Brief:
Could you print all the entries below exactly as they appear, omitting the pictures?

Referring expression grounding data:
- Opening Delimiter -
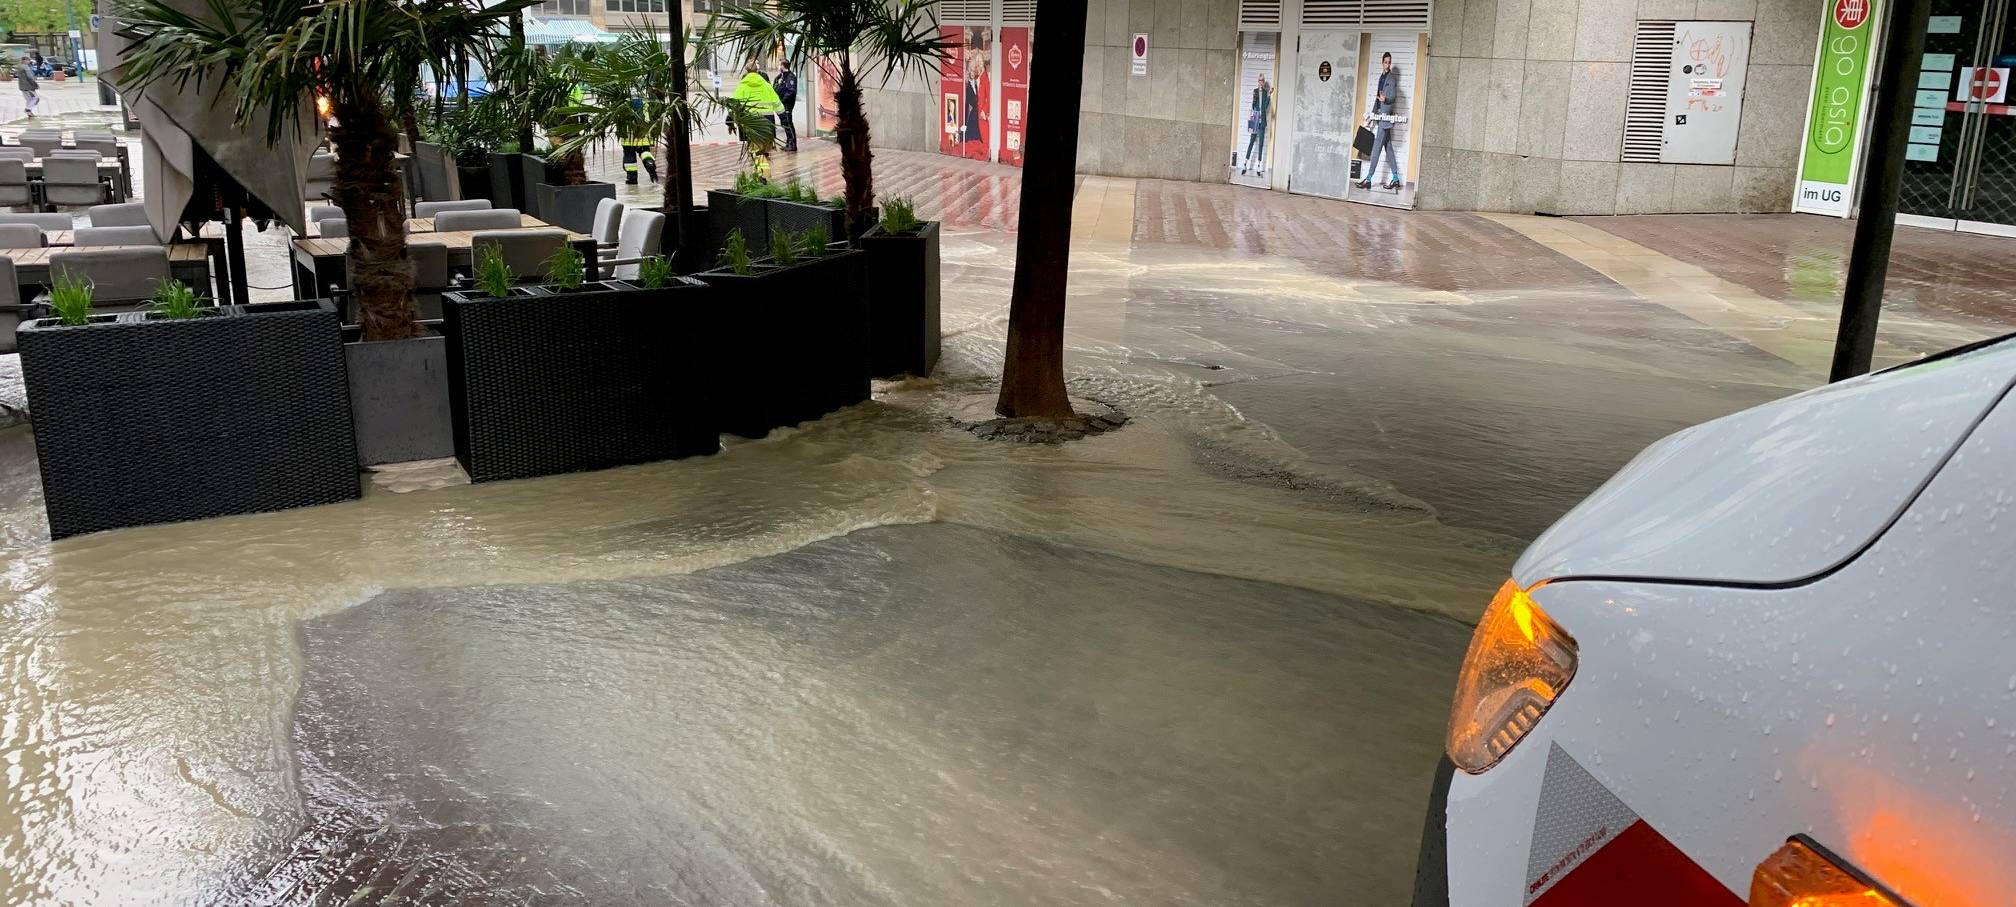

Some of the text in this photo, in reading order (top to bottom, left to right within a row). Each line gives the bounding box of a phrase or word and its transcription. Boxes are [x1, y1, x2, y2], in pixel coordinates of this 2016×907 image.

[1831, 35, 1858, 76] go
[1369, 112, 1407, 124] Burlington
[1824, 86, 1851, 146] asia
[1803, 187, 1842, 202] im UG
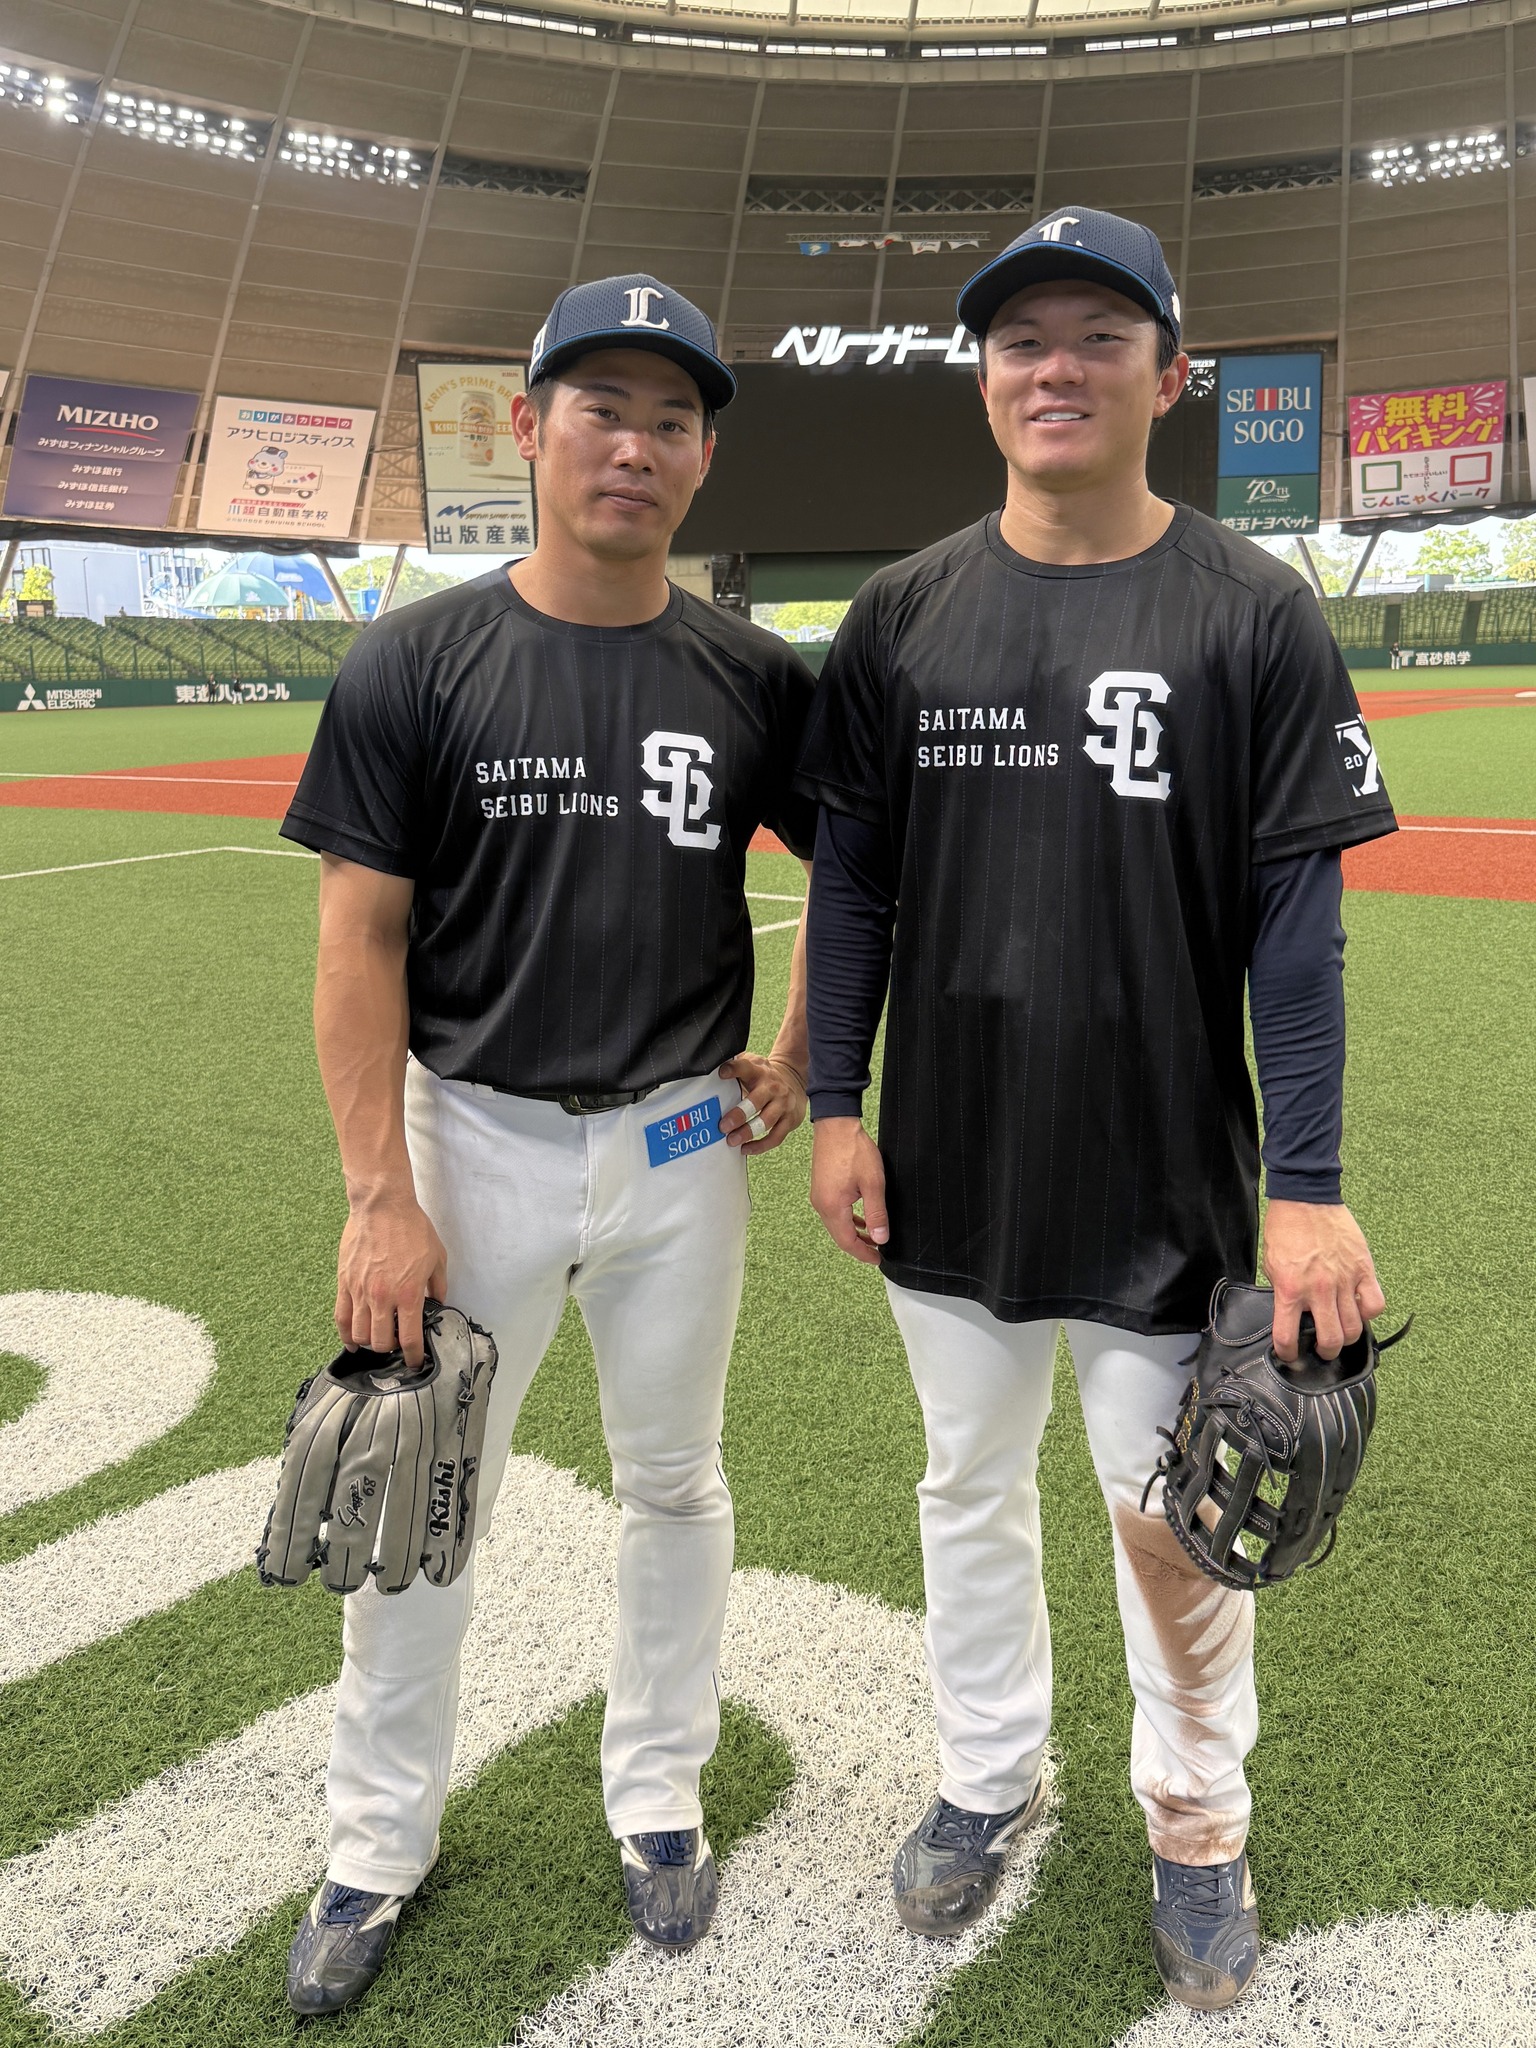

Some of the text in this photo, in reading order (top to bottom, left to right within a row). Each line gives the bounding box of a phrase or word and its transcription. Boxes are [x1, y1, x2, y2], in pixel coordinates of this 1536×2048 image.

[771, 325, 980, 366] ベルーナドーム
[423, 378, 458, 413] KIRIN'S
[459, 376, 497, 391] PRIME
[1226, 387, 1312, 413] SEIBU
[56, 404, 159, 431] MIZUHO
[239, 410, 352, 429] おりがみカラーの
[1384, 391, 1469, 427] 無料
[227, 427, 356, 448] アサヒロジスティクス
[1233, 418, 1304, 445] SOGO
[1356, 416, 1499, 454] バイキング
[37, 437, 165, 458] みずほフィナンシャルグループ
[72, 464, 123, 477] みずほ銀行
[58, 481, 129, 495] みずほ信託銀行
[1362, 487, 1491, 509] こんにゃくパーク
[64, 499, 115, 511] みずほ証券
[228, 505, 329, 521] 川越自動車学校
[1221, 515, 1315, 532] 埼玉トヨペット
[433, 525, 531, 545] 出版産業
[1415, 650, 1472, 666] 高砂熱学
[46, 688, 103, 700] MITSUBISHI
[47, 698, 96, 709] ELECTRIC
[176, 683, 291, 703] 東進ハスクール
[918, 707, 1027, 732] SAITAMA
[917, 743, 1060, 768] SEIBU LIONS
[1343, 753, 1363, 770] 20
[475, 756, 587, 784] SAITAMA
[480, 792, 619, 819] SEIBU LIONS
[659, 1105, 711, 1141] SEIBU
[668, 1128, 711, 1158] SOGO
[362, 1475, 377, 1497] 68
[429, 1457, 458, 1538] Kishi
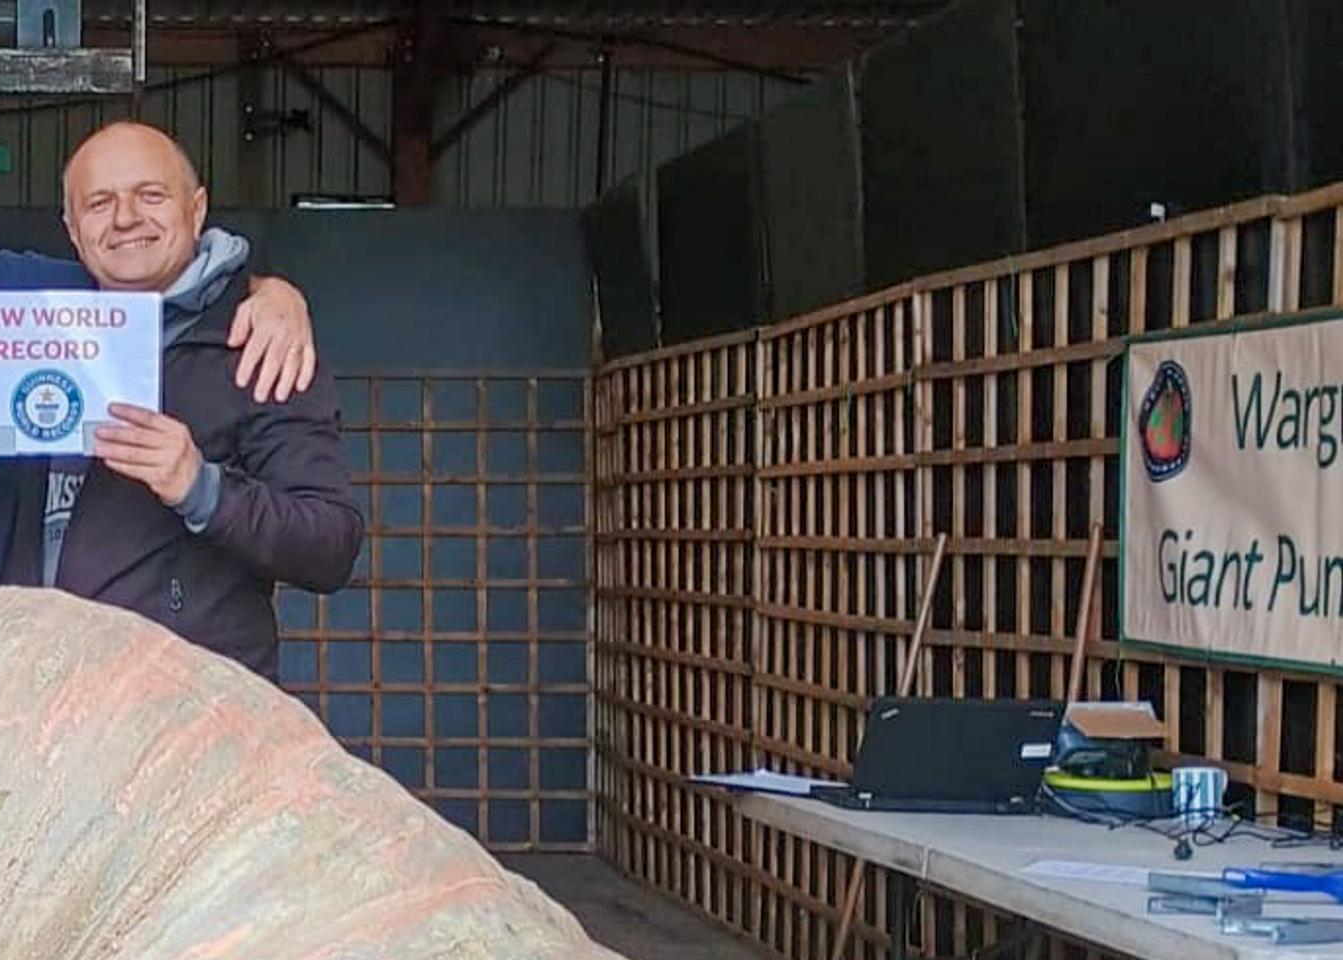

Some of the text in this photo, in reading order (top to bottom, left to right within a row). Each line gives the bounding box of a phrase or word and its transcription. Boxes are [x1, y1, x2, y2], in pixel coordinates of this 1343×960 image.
- Closing Delimiter -
Written reply:
Some of the text in this photo, in reading order (top to bottom, left to right within a row). Each line gives the bounding box of a phrase or word and its transcription. Boxes are [x1, y1, x2, y2], in pixel coordinates of this 2016×907 image.

[1831, 35, 1858, 76] go
[1369, 112, 1407, 124] Burlington
[1824, 86, 1851, 146] asia
[1803, 187, 1842, 202] im UG

Some of the text in this photo, in reading order (top to bottom, left to right within a row). Each line gives the bounding box of a phrase or word and its transcription. Boxes are [x1, y1, x2, y2], in pixel coordinates of this 1536×2048 image.

[771, 325, 980, 366] ベルーナドーム
[423, 378, 458, 413] KIRIN'S
[459, 376, 497, 391] PRIME
[1226, 387, 1312, 413] SEIBU
[56, 404, 159, 431] MIZUHO
[239, 410, 352, 429] おりがみカラーの
[1384, 391, 1469, 427] 無料
[227, 427, 356, 448] アサヒロジスティクス
[1233, 418, 1304, 445] SOGO
[1356, 416, 1499, 454] バイキング
[37, 437, 165, 458] みずほフィナンシャルグループ
[72, 464, 123, 477] みずほ銀行
[58, 481, 129, 495] みずほ信託銀行
[1362, 487, 1491, 509] こんにゃくパーク
[64, 499, 115, 511] みずほ証券
[228, 505, 329, 521] 川越自動車学校
[1221, 515, 1315, 532] 埼玉トヨペット
[433, 525, 531, 545] 出版産業
[1415, 650, 1472, 666] 高砂熱学
[46, 688, 103, 700] MITSUBISHI
[47, 698, 96, 709] ELECTRIC
[176, 683, 291, 703] 東進ハスクール
[918, 707, 1027, 732] SAITAMA
[917, 743, 1060, 768] SEIBU LIONS
[1343, 753, 1363, 770] 20
[475, 756, 587, 784] SAITAMA
[480, 792, 619, 819] SEIBU LIONS
[659, 1105, 711, 1141] SEIBU
[668, 1128, 711, 1158] SOGO
[362, 1475, 377, 1497] 68
[429, 1457, 458, 1538] Kishi

Some of the text in this photo, in reading order (top to bottom, left to right within a row). Each line gives the bounding box of a phrase or word and its transcription. Boxes are [x1, y1, x2, y2], in pixel coordinates of this 1343×960 image.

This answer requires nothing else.